= What you will do =
Copy out each line of the material exactly. Pictures do not belong in the copy.

= Input records =
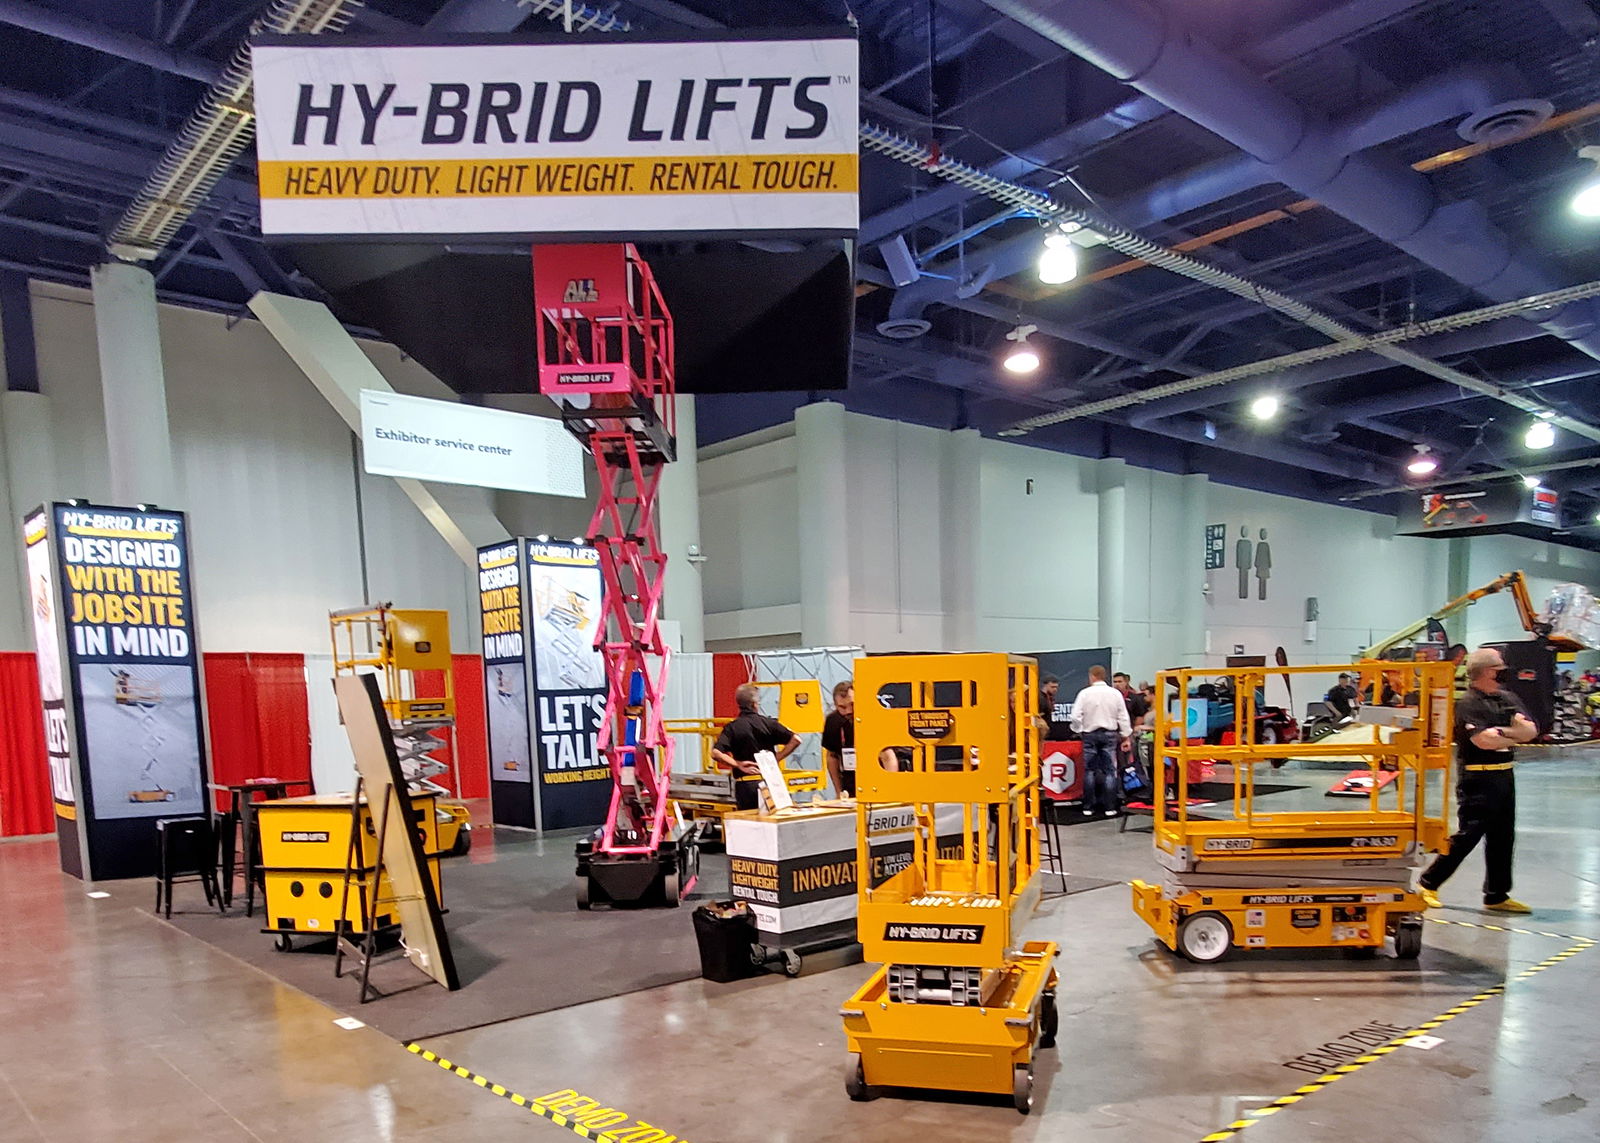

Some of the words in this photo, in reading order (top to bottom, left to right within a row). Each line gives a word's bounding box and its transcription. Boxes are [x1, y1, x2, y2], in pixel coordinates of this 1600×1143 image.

[291, 80, 601, 146] HY-BRID
[628, 75, 832, 142] LIFTS
[285, 167, 369, 195] HEAVY
[373, 166, 440, 194] DUTY.
[455, 165, 529, 193] LIGHT
[535, 163, 634, 192] WEIGHT.
[649, 161, 741, 191] RENTAL
[752, 160, 838, 190] TOUGH.
[375, 427, 431, 445] Exhibitor
[435, 438, 475, 452] service
[478, 444, 513, 456] center
[136, 515, 181, 535] LIFTS
[64, 536, 181, 568] DESIGNED
[65, 564, 137, 593] WITH
[139, 568, 183, 596] THE
[70, 592, 186, 628] JOBSITE
[74, 625, 109, 657] IN
[114, 626, 190, 658] MIND
[484, 635, 496, 660] IN
[496, 633, 523, 658] MIND
[539, 693, 607, 732] LET'S
[544, 771, 583, 784] WORKING
[1050, 763, 1068, 783] R
[732, 859, 756, 874] HEAVY
[889, 926, 940, 939] HY-BRID
[942, 928, 978, 941] LIFTS
[1282, 1042, 1366, 1075] DEMO
[1337, 1019, 1413, 1047] ZONE
[534, 1088, 629, 1129] DEMO
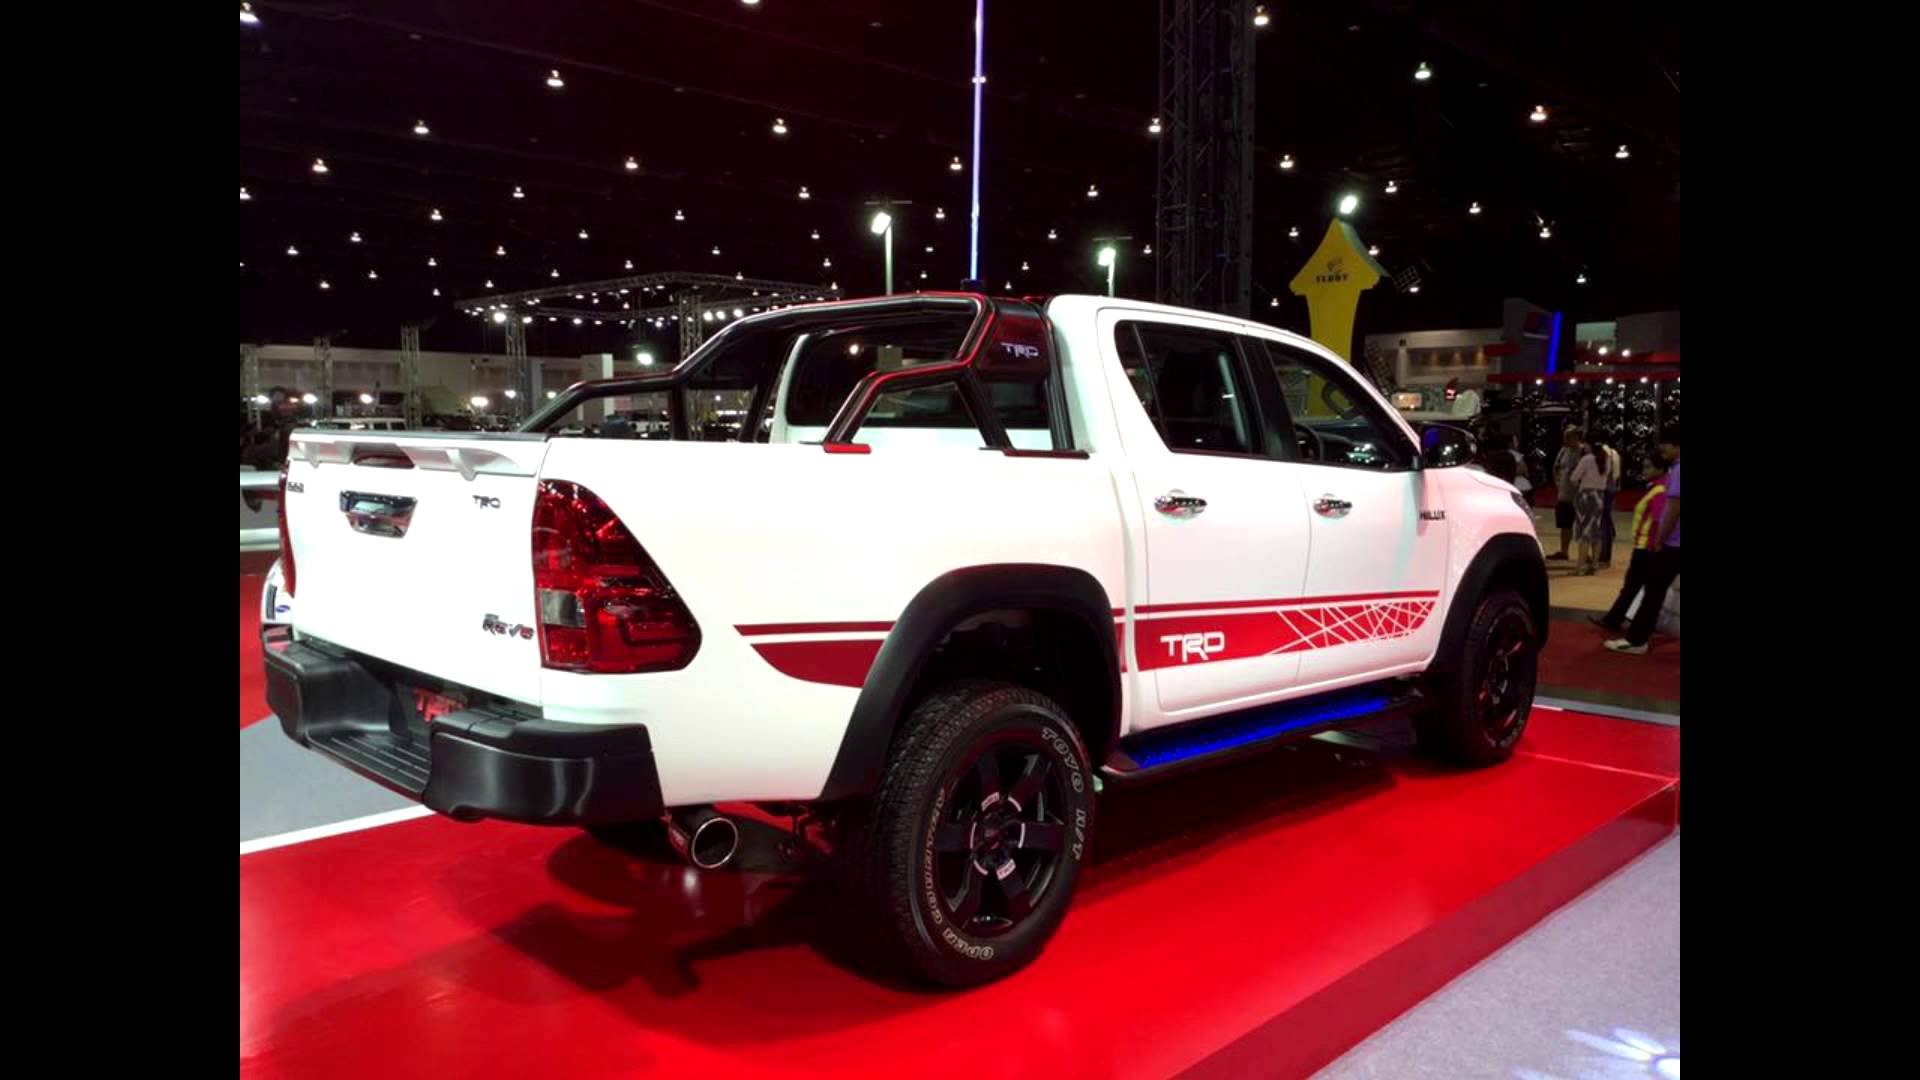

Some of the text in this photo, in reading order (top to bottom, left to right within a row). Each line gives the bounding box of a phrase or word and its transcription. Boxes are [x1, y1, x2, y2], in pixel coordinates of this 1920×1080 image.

= Task response =
Some of the words in this photo, in reading order (top to bottom, left to right within a row). Each line gives a word's bounding box and its transcription. Boxes are [x1, y1, x2, y2], in pixel coordinates of this 1600×1143 image.

[291, 80, 601, 146] HY-BRID
[628, 75, 832, 142] LIFTS
[285, 167, 369, 195] HEAVY
[373, 166, 440, 194] DUTY.
[455, 165, 529, 193] LIGHT
[535, 163, 634, 192] WEIGHT.
[649, 161, 741, 191] RENTAL
[752, 160, 838, 190] TOUGH.
[375, 427, 431, 445] Exhibitor
[435, 438, 475, 452] service
[478, 444, 513, 456] center
[136, 515, 181, 535] LIFTS
[64, 536, 181, 568] DESIGNED
[65, 564, 137, 593] WITH
[139, 568, 183, 596] THE
[70, 592, 186, 628] JOBSITE
[74, 625, 109, 657] IN
[114, 626, 190, 658] MIND
[484, 635, 496, 660] IN
[496, 633, 523, 658] MIND
[539, 693, 607, 732] LET'S
[544, 771, 583, 784] WORKING
[1050, 763, 1068, 783] R
[732, 859, 756, 874] HEAVY
[889, 926, 940, 939] HY-BRID
[942, 928, 978, 941] LIFTS
[1282, 1042, 1366, 1075] DEMO
[1337, 1019, 1413, 1047] ZONE
[534, 1088, 629, 1129] DEMO

Some of the text in this photo, in reading order (top to bottom, left to right within a row). Each line gives the bounding box of a phrase or word and its transcription. Boxes are [x1, y1, x2, y2], in pixel coordinates of this 1920×1080 image.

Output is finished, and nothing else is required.